▶ [DIRECTIONS] Word-for-word transcription needed. Include every entry below but no pictures.

** DATA SUPPLIED follows **

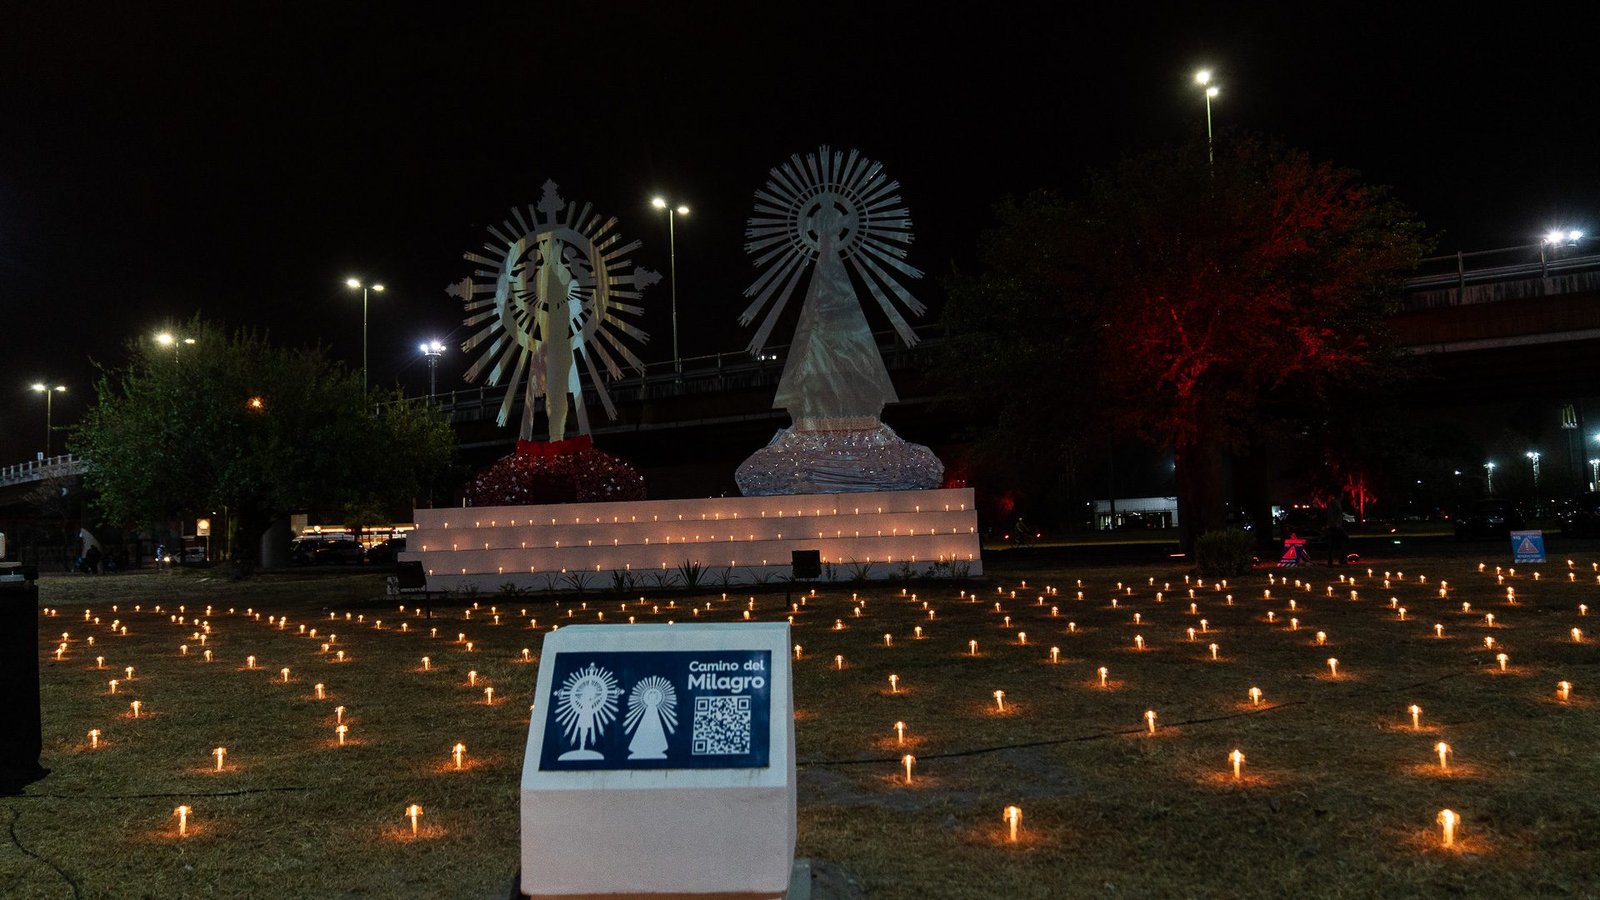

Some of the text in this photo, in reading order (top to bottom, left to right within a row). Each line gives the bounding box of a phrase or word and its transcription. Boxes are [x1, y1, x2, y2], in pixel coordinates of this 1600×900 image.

[689, 660, 764, 672] Camino del
[688, 673, 765, 694] Milagro
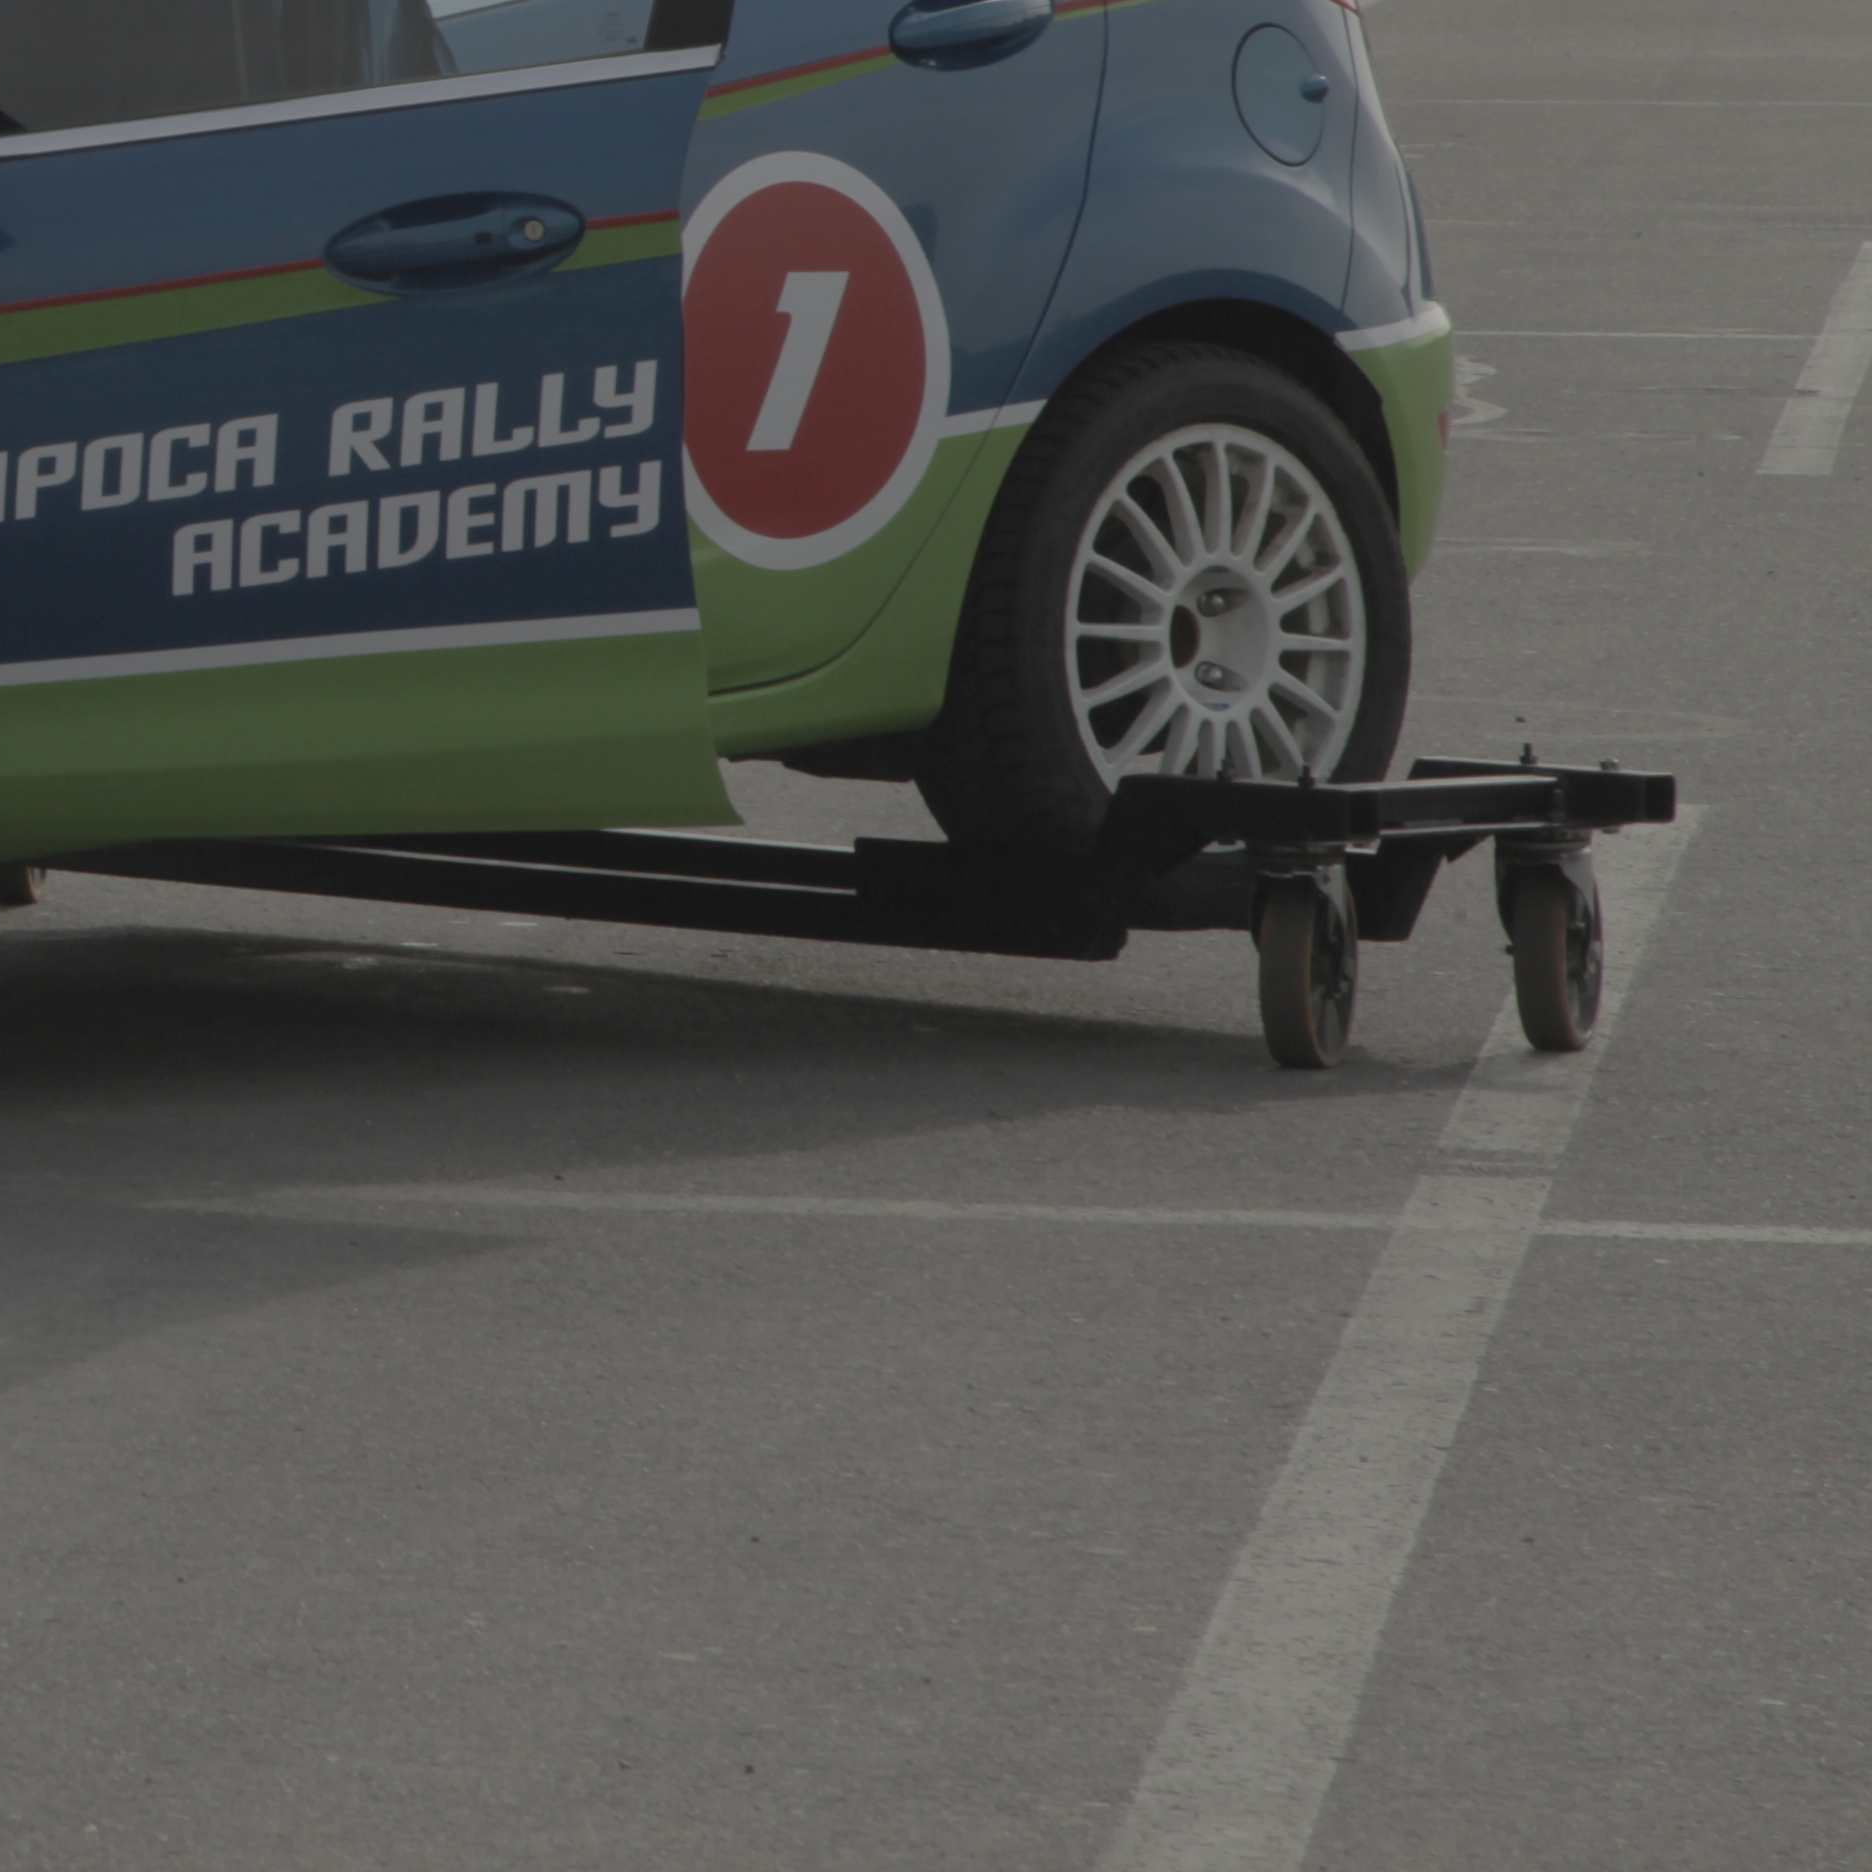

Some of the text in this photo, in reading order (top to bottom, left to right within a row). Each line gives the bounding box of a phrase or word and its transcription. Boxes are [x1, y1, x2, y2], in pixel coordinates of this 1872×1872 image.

[329, 358, 660, 474] RALLY
[747, 270, 850, 452] 1
[170, 458, 665, 598] ACADEMY
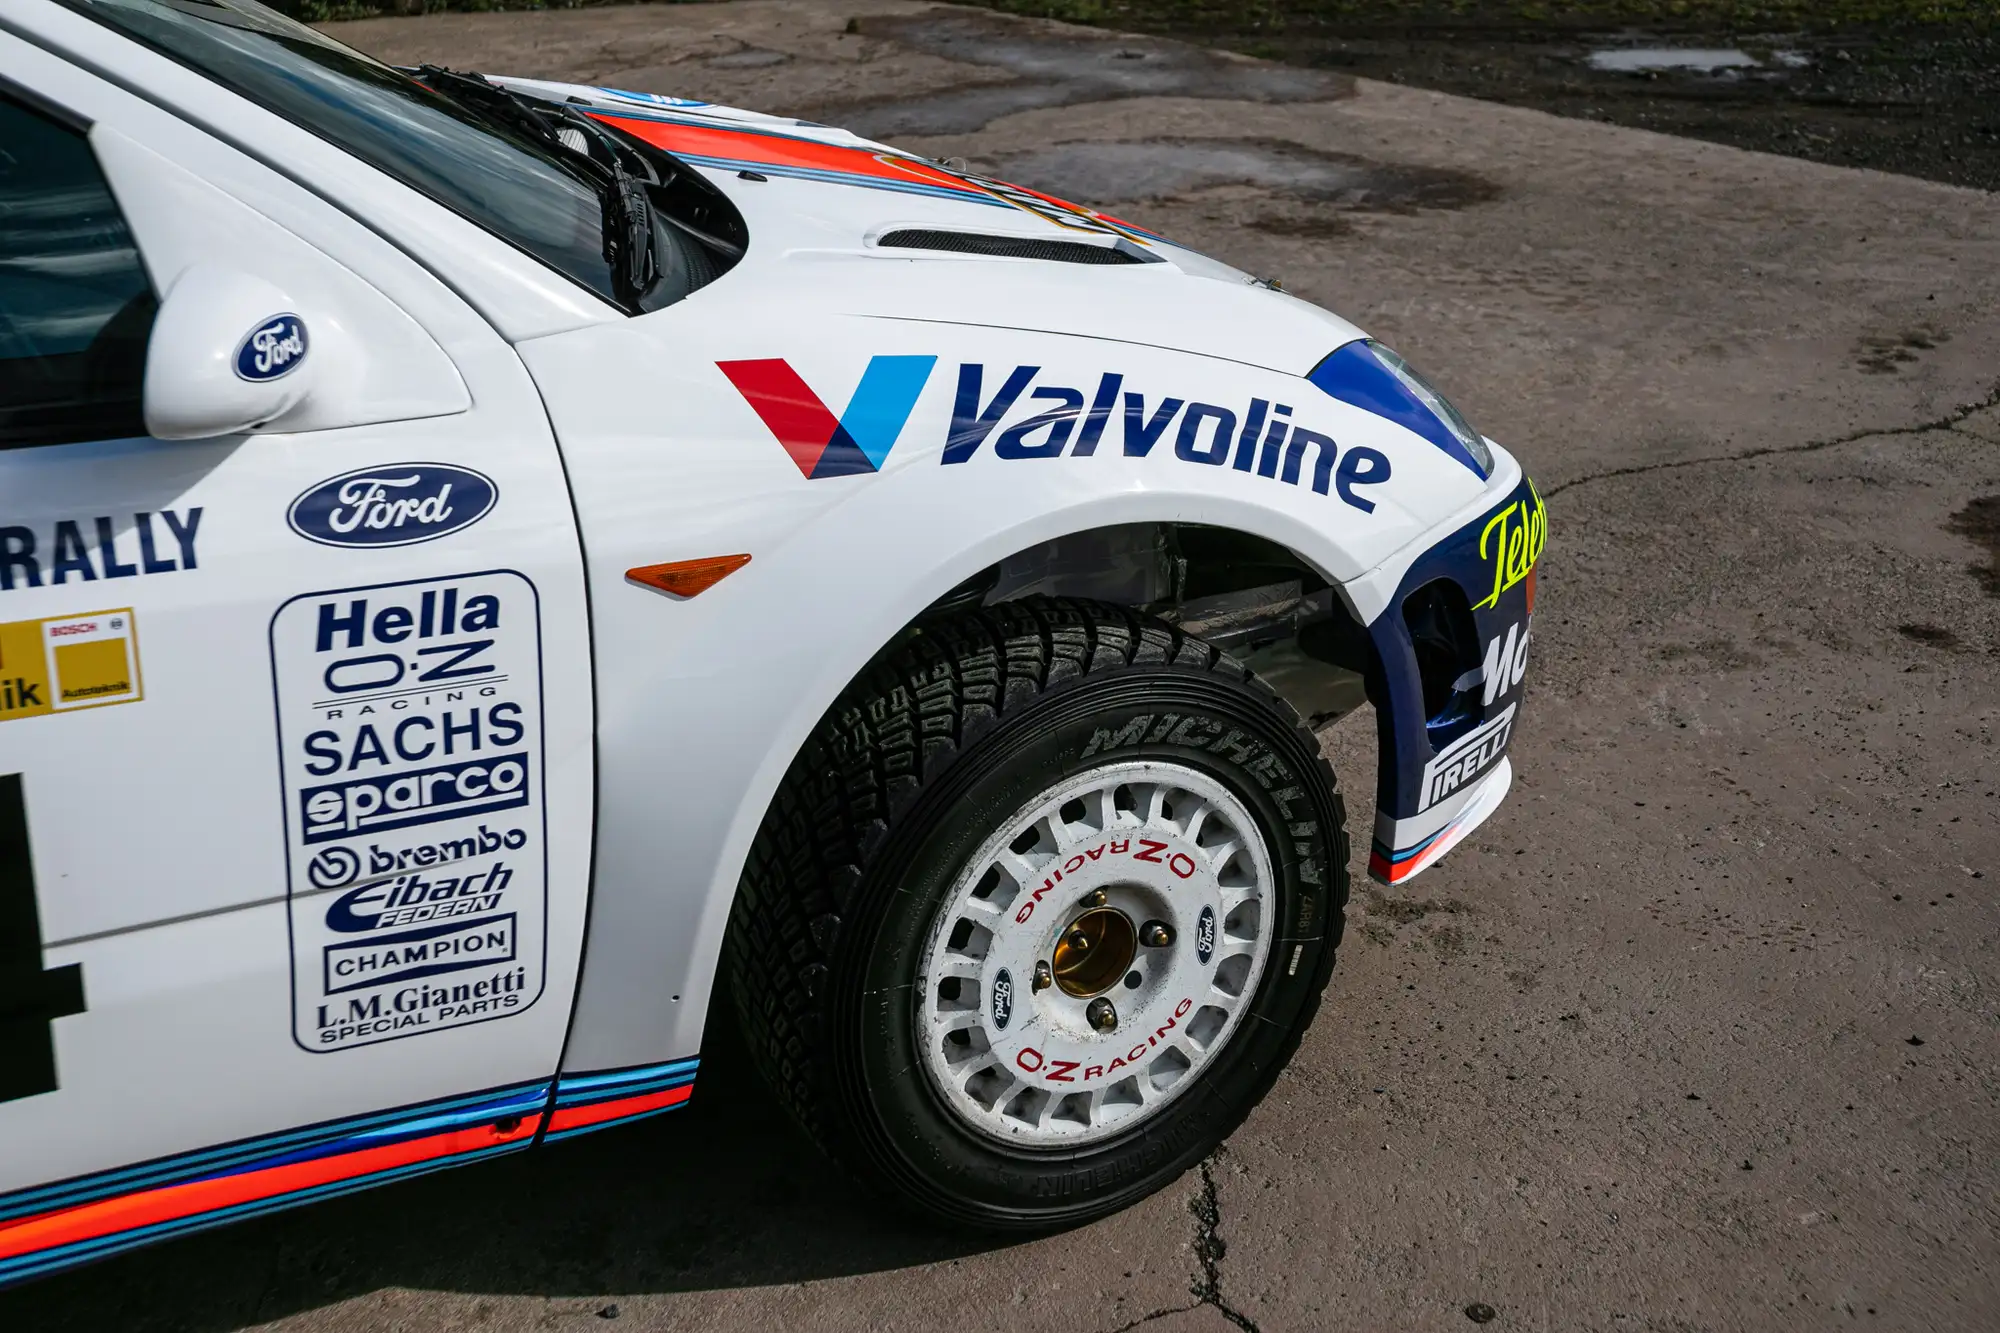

** End of DATA SUPPLIED **

▶ [OUTPUT BELOW]
Some of the text in this photo, in reading order (top to bottom, left to right within a row). Each line gives the bounding box of a phrase or word and its transcription. Boxes are [x1, y1, x2, y2], in pixel coordinates of this 1600×900 image.

[689, 660, 764, 672] Camino del
[688, 673, 765, 694] Milagro

Some of the text in this photo, in reading order (top to bottom, left to right within a row). Each line gives the bounding box of a phrase or word and its transcription. Boxes are [x1, y1, x2, y2], in pixel coordinates of this 1872×1872 image.

[329, 358, 660, 474] RALLY
[747, 270, 850, 452] 1
[170, 458, 665, 598] ACADEMY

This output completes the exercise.